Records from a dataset

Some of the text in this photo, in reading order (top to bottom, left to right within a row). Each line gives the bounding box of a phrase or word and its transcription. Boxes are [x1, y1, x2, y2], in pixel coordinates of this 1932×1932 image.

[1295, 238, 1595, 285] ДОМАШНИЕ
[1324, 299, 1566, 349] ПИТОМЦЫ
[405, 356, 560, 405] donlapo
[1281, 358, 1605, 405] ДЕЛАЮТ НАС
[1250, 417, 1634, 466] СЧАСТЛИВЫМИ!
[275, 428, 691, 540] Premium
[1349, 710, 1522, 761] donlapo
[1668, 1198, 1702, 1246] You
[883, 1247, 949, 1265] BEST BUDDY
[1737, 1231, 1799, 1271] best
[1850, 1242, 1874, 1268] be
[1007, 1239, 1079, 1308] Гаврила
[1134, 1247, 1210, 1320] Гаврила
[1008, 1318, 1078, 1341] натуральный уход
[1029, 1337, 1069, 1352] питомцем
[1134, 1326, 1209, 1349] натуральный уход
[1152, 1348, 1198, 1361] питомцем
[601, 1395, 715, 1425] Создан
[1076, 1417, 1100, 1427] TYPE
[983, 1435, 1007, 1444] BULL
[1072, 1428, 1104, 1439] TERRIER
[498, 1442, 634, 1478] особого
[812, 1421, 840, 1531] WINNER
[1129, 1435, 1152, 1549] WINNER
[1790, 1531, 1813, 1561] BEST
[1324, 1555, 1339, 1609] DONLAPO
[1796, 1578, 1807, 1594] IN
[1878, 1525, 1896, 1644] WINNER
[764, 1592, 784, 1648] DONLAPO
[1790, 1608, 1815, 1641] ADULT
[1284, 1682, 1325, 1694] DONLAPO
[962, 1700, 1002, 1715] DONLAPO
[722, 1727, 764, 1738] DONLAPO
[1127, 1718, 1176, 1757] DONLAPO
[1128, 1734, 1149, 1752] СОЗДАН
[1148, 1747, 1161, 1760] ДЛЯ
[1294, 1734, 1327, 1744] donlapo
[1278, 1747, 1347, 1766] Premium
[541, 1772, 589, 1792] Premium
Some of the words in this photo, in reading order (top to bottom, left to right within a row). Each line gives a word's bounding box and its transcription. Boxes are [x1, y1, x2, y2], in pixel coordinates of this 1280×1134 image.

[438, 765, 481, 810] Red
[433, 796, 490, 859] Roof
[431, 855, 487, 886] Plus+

■ REQUIREMENT
Exact copies of all the lines above are required.

■ TASK OUTPUT
Some of the text in this photo, in reading order (top to bottom, left to right within a row). Each line gives the bounding box of a phrase or word and its transcription. Boxes are [x1, y1, x2, y2], in pixel coordinates of this 1932×1932 image.

[1295, 238, 1595, 285] ДОМАШНИЕ
[1324, 299, 1566, 349] ПИТОМЦЫ
[405, 356, 560, 405] donlapo
[1281, 358, 1605, 405] ДЕЛАЮТ НАС
[1250, 417, 1634, 466] СЧАСТЛИВЫМИ!
[275, 428, 691, 540] Premium
[1349, 710, 1522, 761] donlapo
[1668, 1198, 1702, 1246] You
[883, 1247, 949, 1265] BEST BUDDY
[1737, 1231, 1799, 1271] best
[1850, 1242, 1874, 1268] be
[1007, 1239, 1079, 1308] Гаврила
[1134, 1247, 1210, 1320] Гаврила
[1008, 1318, 1078, 1341] натуральный уход
[1029, 1337, 1069, 1352] питомцем
[1134, 1326, 1209, 1349] натуральный уход
[1152, 1348, 1198, 1361] питомцем
[601, 1395, 715, 1425] Создан
[1076, 1417, 1100, 1427] TYPE
[983, 1435, 1007, 1444] BULL
[1072, 1428, 1104, 1439] TERRIER
[498, 1442, 634, 1478] особого
[812, 1421, 840, 1531] WINNER
[1129, 1435, 1152, 1549] WINNER
[1790, 1531, 1813, 1561] BEST
[1324, 1555, 1339, 1609] DONLAPO
[1796, 1578, 1807, 1594] IN
[1878, 1525, 1896, 1644] WINNER
[764, 1592, 784, 1648] DONLAPO
[1790, 1608, 1815, 1641] ADULT
[1284, 1682, 1325, 1694] DONLAPO
[962, 1700, 1002, 1715] DONLAPO
[722, 1727, 764, 1738] DONLAPO
[1127, 1718, 1176, 1757] DONLAPO
[1128, 1734, 1149, 1752] СОЗДАН
[1148, 1747, 1161, 1760] ДЛЯ
[1294, 1734, 1327, 1744] donlapo
[1278, 1747, 1347, 1766] Premium
[541, 1772, 589, 1792] Premium
Some of the words in this photo, in reading order (top to bottom, left to right within a row). Each line gives a word's bounding box and its transcription. Boxes are [x1, y1, x2, y2], in pixel coordinates of this 1280×1134 image.

[438, 765, 481, 810] Red
[433, 796, 490, 859] Roof
[431, 855, 487, 886] Plus+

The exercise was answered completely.